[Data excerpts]
^^^^

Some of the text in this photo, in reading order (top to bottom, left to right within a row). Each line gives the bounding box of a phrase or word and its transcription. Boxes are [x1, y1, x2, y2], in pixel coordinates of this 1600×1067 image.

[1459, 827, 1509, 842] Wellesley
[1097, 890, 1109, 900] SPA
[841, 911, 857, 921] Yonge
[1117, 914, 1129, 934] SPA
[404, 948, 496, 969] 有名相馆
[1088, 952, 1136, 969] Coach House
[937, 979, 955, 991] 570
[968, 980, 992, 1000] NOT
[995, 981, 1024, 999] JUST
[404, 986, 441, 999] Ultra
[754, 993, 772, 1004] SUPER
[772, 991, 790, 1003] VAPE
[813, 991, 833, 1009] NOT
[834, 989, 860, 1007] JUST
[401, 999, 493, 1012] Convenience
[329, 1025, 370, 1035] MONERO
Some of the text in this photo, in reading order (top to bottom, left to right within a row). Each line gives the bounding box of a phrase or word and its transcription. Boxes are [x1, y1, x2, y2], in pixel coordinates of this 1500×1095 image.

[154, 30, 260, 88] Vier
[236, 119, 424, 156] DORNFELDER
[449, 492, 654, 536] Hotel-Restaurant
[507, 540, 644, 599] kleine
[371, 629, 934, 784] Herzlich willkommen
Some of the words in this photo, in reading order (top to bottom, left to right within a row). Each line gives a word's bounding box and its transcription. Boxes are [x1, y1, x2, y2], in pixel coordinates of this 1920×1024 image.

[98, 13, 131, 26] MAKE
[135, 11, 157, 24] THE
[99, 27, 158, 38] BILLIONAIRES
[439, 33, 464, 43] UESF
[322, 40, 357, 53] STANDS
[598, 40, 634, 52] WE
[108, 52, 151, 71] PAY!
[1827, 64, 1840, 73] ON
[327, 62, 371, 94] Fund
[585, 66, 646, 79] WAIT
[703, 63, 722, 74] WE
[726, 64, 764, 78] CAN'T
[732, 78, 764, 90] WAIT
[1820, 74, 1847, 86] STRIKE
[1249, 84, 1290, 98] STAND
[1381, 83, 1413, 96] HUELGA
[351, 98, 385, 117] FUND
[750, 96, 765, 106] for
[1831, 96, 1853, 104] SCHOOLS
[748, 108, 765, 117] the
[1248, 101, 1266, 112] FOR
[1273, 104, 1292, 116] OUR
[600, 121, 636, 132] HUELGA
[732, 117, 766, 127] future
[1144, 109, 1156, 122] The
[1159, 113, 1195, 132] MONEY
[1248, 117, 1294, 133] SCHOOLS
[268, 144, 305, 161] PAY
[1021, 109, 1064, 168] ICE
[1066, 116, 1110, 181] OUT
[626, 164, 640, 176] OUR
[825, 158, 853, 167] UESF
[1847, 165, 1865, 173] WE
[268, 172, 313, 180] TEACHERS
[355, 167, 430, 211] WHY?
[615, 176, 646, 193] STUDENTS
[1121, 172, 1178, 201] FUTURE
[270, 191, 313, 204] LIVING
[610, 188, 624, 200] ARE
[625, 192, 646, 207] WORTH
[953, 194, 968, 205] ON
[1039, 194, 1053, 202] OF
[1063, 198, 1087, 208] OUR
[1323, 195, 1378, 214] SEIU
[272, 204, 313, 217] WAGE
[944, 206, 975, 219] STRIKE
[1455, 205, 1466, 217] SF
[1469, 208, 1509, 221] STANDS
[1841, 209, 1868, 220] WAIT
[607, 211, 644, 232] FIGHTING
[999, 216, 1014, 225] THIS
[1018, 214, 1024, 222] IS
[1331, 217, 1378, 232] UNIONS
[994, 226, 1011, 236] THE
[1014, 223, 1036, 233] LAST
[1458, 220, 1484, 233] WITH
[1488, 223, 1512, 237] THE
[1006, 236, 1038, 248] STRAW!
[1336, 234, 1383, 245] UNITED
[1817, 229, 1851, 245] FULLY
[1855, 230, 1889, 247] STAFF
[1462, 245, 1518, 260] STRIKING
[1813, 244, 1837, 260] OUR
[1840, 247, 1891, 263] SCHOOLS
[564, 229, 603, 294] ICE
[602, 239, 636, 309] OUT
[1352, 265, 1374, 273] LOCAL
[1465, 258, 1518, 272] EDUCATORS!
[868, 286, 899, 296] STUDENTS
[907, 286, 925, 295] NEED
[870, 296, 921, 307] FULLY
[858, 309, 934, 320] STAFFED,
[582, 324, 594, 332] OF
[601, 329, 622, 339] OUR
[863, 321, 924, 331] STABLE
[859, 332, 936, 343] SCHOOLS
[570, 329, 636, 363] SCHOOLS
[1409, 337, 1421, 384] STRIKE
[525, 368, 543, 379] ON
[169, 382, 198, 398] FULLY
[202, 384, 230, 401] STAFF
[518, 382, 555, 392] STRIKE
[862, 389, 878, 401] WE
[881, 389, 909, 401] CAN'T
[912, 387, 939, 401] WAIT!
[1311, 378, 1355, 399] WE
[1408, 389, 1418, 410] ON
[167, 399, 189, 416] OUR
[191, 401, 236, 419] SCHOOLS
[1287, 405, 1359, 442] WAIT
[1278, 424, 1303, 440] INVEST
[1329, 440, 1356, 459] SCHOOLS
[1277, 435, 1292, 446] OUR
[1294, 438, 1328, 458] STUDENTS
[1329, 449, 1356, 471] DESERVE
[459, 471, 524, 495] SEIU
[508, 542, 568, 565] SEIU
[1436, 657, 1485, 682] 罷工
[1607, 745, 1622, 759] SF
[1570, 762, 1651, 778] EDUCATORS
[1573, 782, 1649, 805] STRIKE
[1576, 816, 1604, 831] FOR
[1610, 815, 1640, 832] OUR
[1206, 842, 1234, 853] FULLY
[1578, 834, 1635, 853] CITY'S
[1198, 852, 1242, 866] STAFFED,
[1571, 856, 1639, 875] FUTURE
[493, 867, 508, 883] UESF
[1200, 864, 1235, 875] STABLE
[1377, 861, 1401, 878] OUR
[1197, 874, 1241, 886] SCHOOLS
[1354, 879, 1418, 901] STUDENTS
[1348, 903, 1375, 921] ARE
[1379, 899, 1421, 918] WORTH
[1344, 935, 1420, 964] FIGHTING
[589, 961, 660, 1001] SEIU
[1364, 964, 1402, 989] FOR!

^^^^

* Activity: Copy each record exactly, leaving nothing out.

* Response box:
Some of the text in this photo, in reading order (top to bottom, left to right within a row). Each line gives the bounding box of a phrase or word and its transcription. Boxes are [x1, y1, x2, y2], in pixel coordinates of this 1600×1067 image.

[1459, 827, 1509, 842] Wellesley
[1097, 890, 1109, 900] SPA
[841, 911, 857, 921] Yonge
[1117, 914, 1129, 934] SPA
[404, 948, 496, 969] 有名相馆
[1088, 952, 1136, 969] Coach House
[937, 979, 955, 991] 570
[968, 980, 992, 1000] NOT
[995, 981, 1024, 999] JUST
[404, 986, 441, 999] Ultra
[754, 993, 772, 1004] SUPER
[772, 991, 790, 1003] VAPE
[813, 991, 833, 1009] NOT
[834, 989, 860, 1007] JUST
[401, 999, 493, 1012] Convenience
[329, 1025, 370, 1035] MONERO
Some of the text in this photo, in reading order (top to bottom, left to right within a row). Each line gives the bounding box of a phrase or word and its transcription. Boxes are [x1, y1, x2, y2], in pixel coordinates of this 1500×1095 image.

[154, 30, 260, 88] Vier
[236, 119, 424, 156] DORNFELDER
[449, 492, 654, 536] Hotel-Restaurant
[507, 540, 644, 599] kleine
[371, 629, 934, 784] Herzlich willkommen
Some of the words in this photo, in reading order (top to bottom, left to right within a row). Each line gives a word's bounding box and its transcription. Boxes are [x1, y1, x2, y2], in pixel coordinates of this 1920×1024 image.

[98, 13, 131, 26] MAKE
[135, 11, 157, 24] THE
[99, 27, 158, 38] BILLIONAIRES
[439, 33, 464, 43] UESF
[322, 40, 357, 53] STANDS
[598, 40, 634, 52] WE
[108, 52, 151, 71] PAY!
[1827, 64, 1840, 73] ON
[327, 62, 371, 94] Fund
[585, 66, 646, 79] WAIT
[703, 63, 722, 74] WE
[726, 64, 764, 78] CAN'T
[732, 78, 764, 90] WAIT
[1820, 74, 1847, 86] STRIKE
[1249, 84, 1290, 98] STAND
[1381, 83, 1413, 96] HUELGA
[351, 98, 385, 117] FUND
[750, 96, 765, 106] for
[1831, 96, 1853, 104] SCHOOLS
[748, 108, 765, 117] the
[1248, 101, 1266, 112] FOR
[1273, 104, 1292, 116] OUR
[600, 121, 636, 132] HUELGA
[732, 117, 766, 127] future
[1144, 109, 1156, 122] The
[1159, 113, 1195, 132] MONEY
[1248, 117, 1294, 133] SCHOOLS
[268, 144, 305, 161] PAY
[1021, 109, 1064, 168] ICE
[1066, 116, 1110, 181] OUT
[626, 164, 640, 176] OUR
[825, 158, 853, 167] UESF
[1847, 165, 1865, 173] WE
[268, 172, 313, 180] TEACHERS
[355, 167, 430, 211] WHY?
[615, 176, 646, 193] STUDENTS
[1121, 172, 1178, 201] FUTURE
[270, 191, 313, 204] LIVING
[610, 188, 624, 200] ARE
[625, 192, 646, 207] WORTH
[953, 194, 968, 205] ON
[1039, 194, 1053, 202] OF
[1063, 198, 1087, 208] OUR
[1323, 195, 1378, 214] SEIU
[272, 204, 313, 217] WAGE
[944, 206, 975, 219] STRIKE
[1455, 205, 1466, 217] SF
[1469, 208, 1509, 221] STANDS
[1841, 209, 1868, 220] WAIT
[607, 211, 644, 232] FIGHTING
[999, 216, 1014, 225] THIS
[1018, 214, 1024, 222] IS
[1331, 217, 1378, 232] UNIONS
[994, 226, 1011, 236] THE
[1014, 223, 1036, 233] LAST
[1458, 220, 1484, 233] WITH
[1488, 223, 1512, 237] THE
[1006, 236, 1038, 248] STRAW!
[1336, 234, 1383, 245] UNITED
[1817, 229, 1851, 245] FULLY
[1855, 230, 1889, 247] STAFF
[1462, 245, 1518, 260] STRIKING
[1813, 244, 1837, 260] OUR
[1840, 247, 1891, 263] SCHOOLS
[564, 229, 603, 294] ICE
[602, 239, 636, 309] OUT
[1352, 265, 1374, 273] LOCAL
[1465, 258, 1518, 272] EDUCATORS!
[868, 286, 899, 296] STUDENTS
[907, 286, 925, 295] NEED
[870, 296, 921, 307] FULLY
[858, 309, 934, 320] STAFFED,
[582, 324, 594, 332] OF
[601, 329, 622, 339] OUR
[863, 321, 924, 331] STABLE
[859, 332, 936, 343] SCHOOLS
[570, 329, 636, 363] SCHOOLS
[1409, 337, 1421, 384] STRIKE
[525, 368, 543, 379] ON
[169, 382, 198, 398] FULLY
[202, 384, 230, 401] STAFF
[518, 382, 555, 392] STRIKE
[862, 389, 878, 401] WE
[881, 389, 909, 401] CAN'T
[912, 387, 939, 401] WAIT!
[1311, 378, 1355, 399] WE
[1408, 389, 1418, 410] ON
[167, 399, 189, 416] OUR
[191, 401, 236, 419] SCHOOLS
[1287, 405, 1359, 442] WAIT
[1278, 424, 1303, 440] INVEST
[1329, 440, 1356, 459] SCHOOLS
[1277, 435, 1292, 446] OUR
[1294, 438, 1328, 458] STUDENTS
[1329, 449, 1356, 471] DESERVE
[459, 471, 524, 495] SEIU
[508, 542, 568, 565] SEIU
[1436, 657, 1485, 682] 罷工
[1607, 745, 1622, 759] SF
[1570, 762, 1651, 778] EDUCATORS
[1573, 782, 1649, 805] STRIKE
[1576, 816, 1604, 831] FOR
[1610, 815, 1640, 832] OUR
[1206, 842, 1234, 853] FULLY
[1578, 834, 1635, 853] CITY'S
[1198, 852, 1242, 866] STAFFED,
[1571, 856, 1639, 875] FUTURE
[493, 867, 508, 883] UESF
[1200, 864, 1235, 875] STABLE
[1377, 861, 1401, 878] OUR
[1197, 874, 1241, 886] SCHOOLS
[1354, 879, 1418, 901] STUDENTS
[1348, 903, 1375, 921] ARE
[1379, 899, 1421, 918] WORTH
[1344, 935, 1420, 964] FIGHTING
[589, 961, 660, 1001] SEIU
[1364, 964, 1402, 989] FOR!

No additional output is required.